Stored data
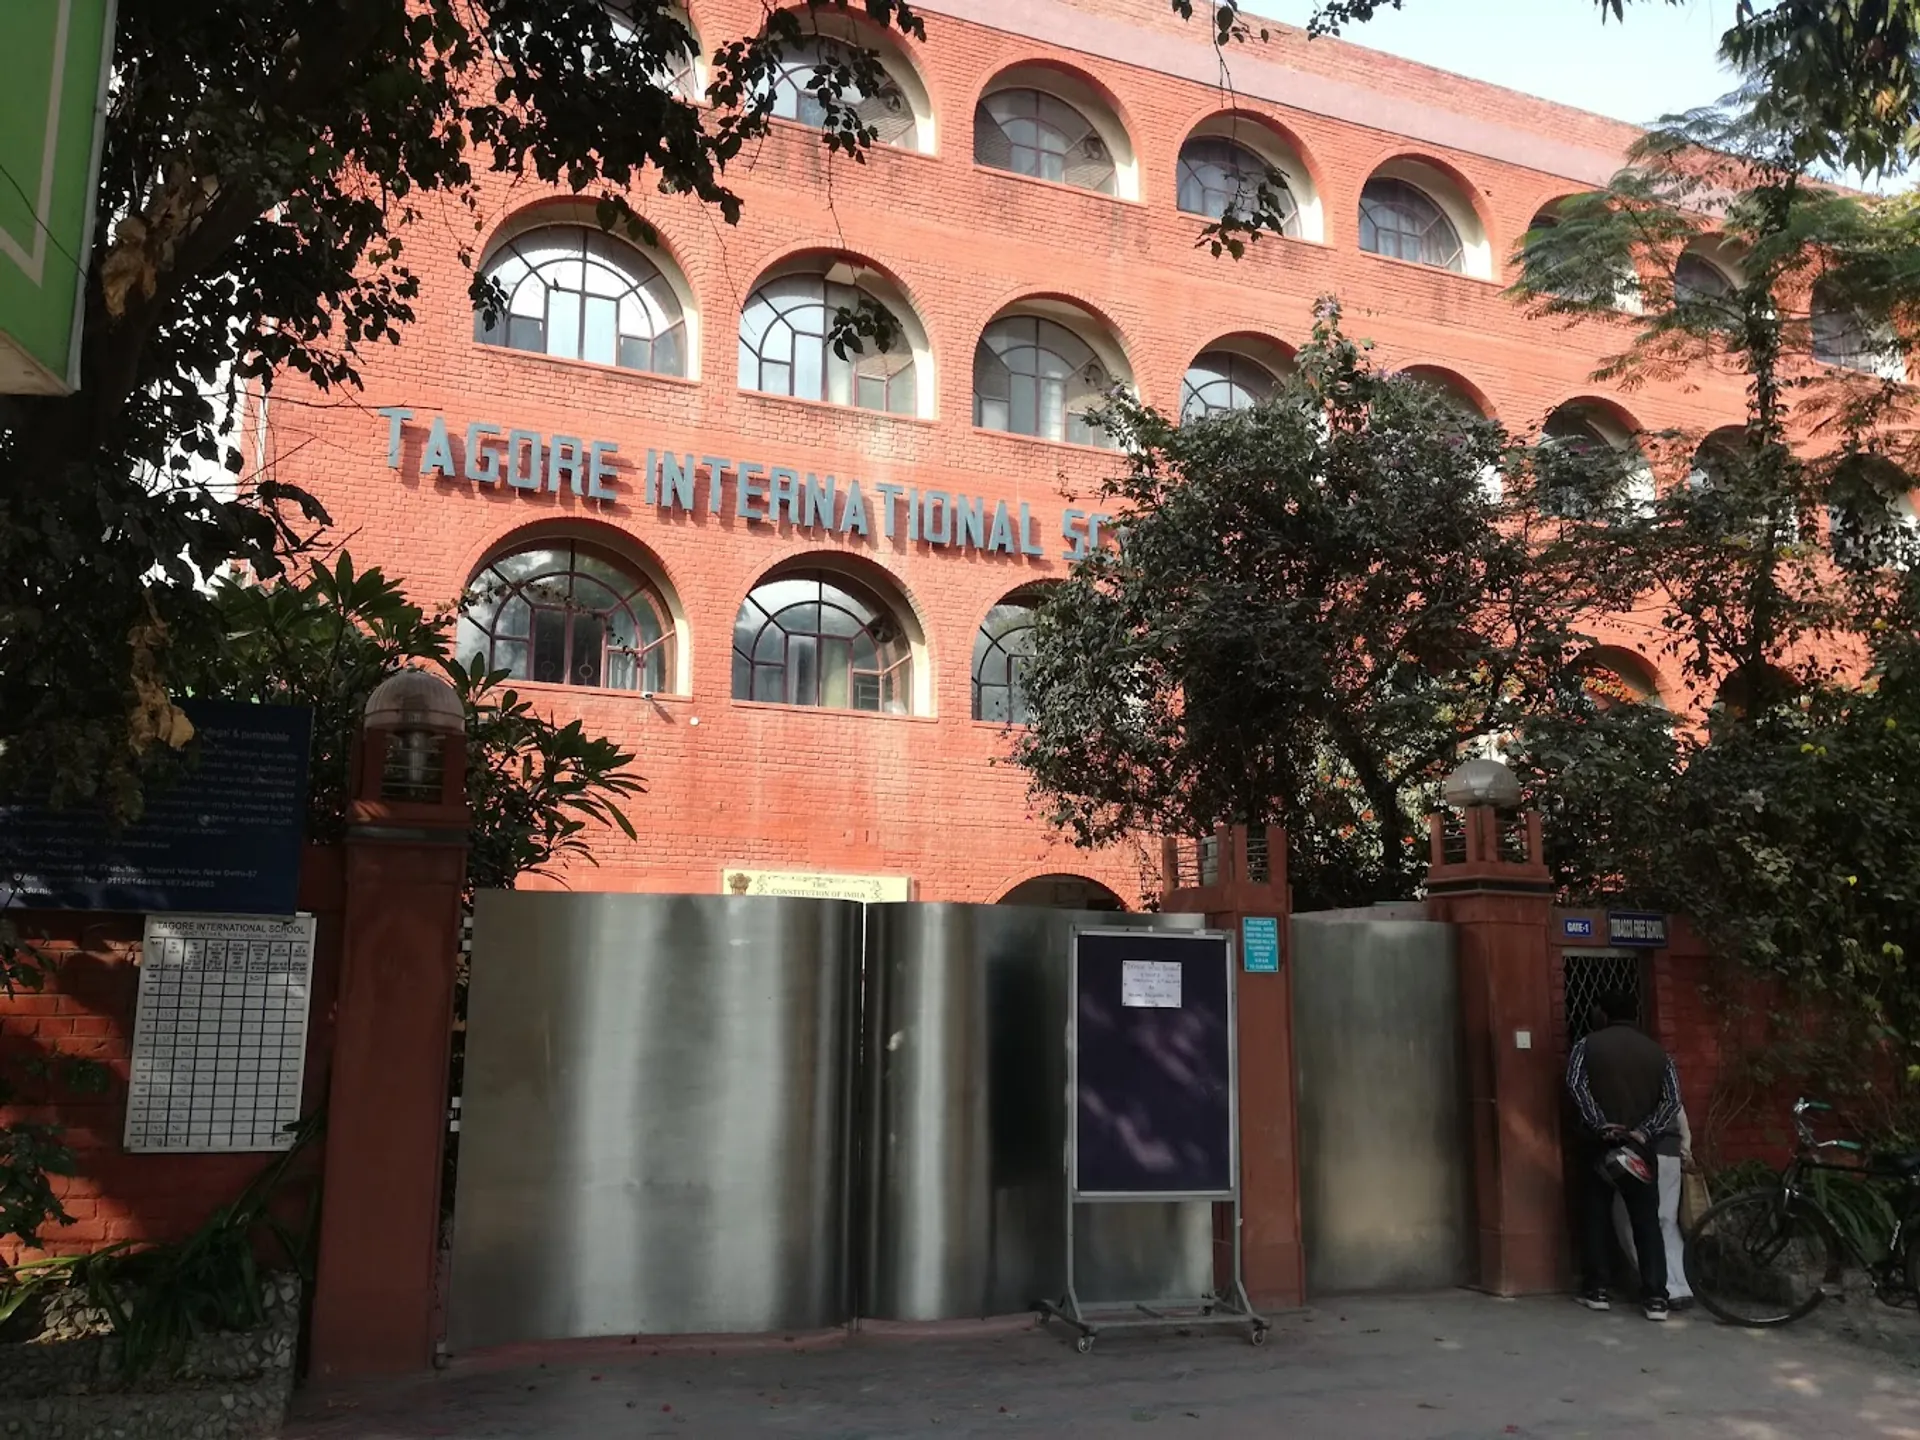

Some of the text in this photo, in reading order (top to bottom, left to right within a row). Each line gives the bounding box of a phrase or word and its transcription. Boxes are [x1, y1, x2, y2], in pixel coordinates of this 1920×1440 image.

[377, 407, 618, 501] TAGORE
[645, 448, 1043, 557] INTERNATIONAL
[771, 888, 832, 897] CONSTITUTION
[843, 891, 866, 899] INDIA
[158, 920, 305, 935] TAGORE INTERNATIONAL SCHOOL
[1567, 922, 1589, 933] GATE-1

◆ **ACTIVITY**:
Give the entries above again, exactly as written and free of images.

◆ **EXERCISE ANSWER**:
Some of the text in this photo, in reading order (top to bottom, left to right within a row). Each line gives the bounding box of a phrase or word and its transcription. Boxes are [x1, y1, x2, y2], in pixel coordinates of this 1920×1440 image.

[377, 407, 618, 501] TAGORE
[645, 448, 1043, 557] INTERNATIONAL
[771, 888, 832, 897] CONSTITUTION
[843, 891, 866, 899] INDIA
[158, 920, 305, 935] TAGORE INTERNATIONAL SCHOOL
[1567, 922, 1589, 933] GATE-1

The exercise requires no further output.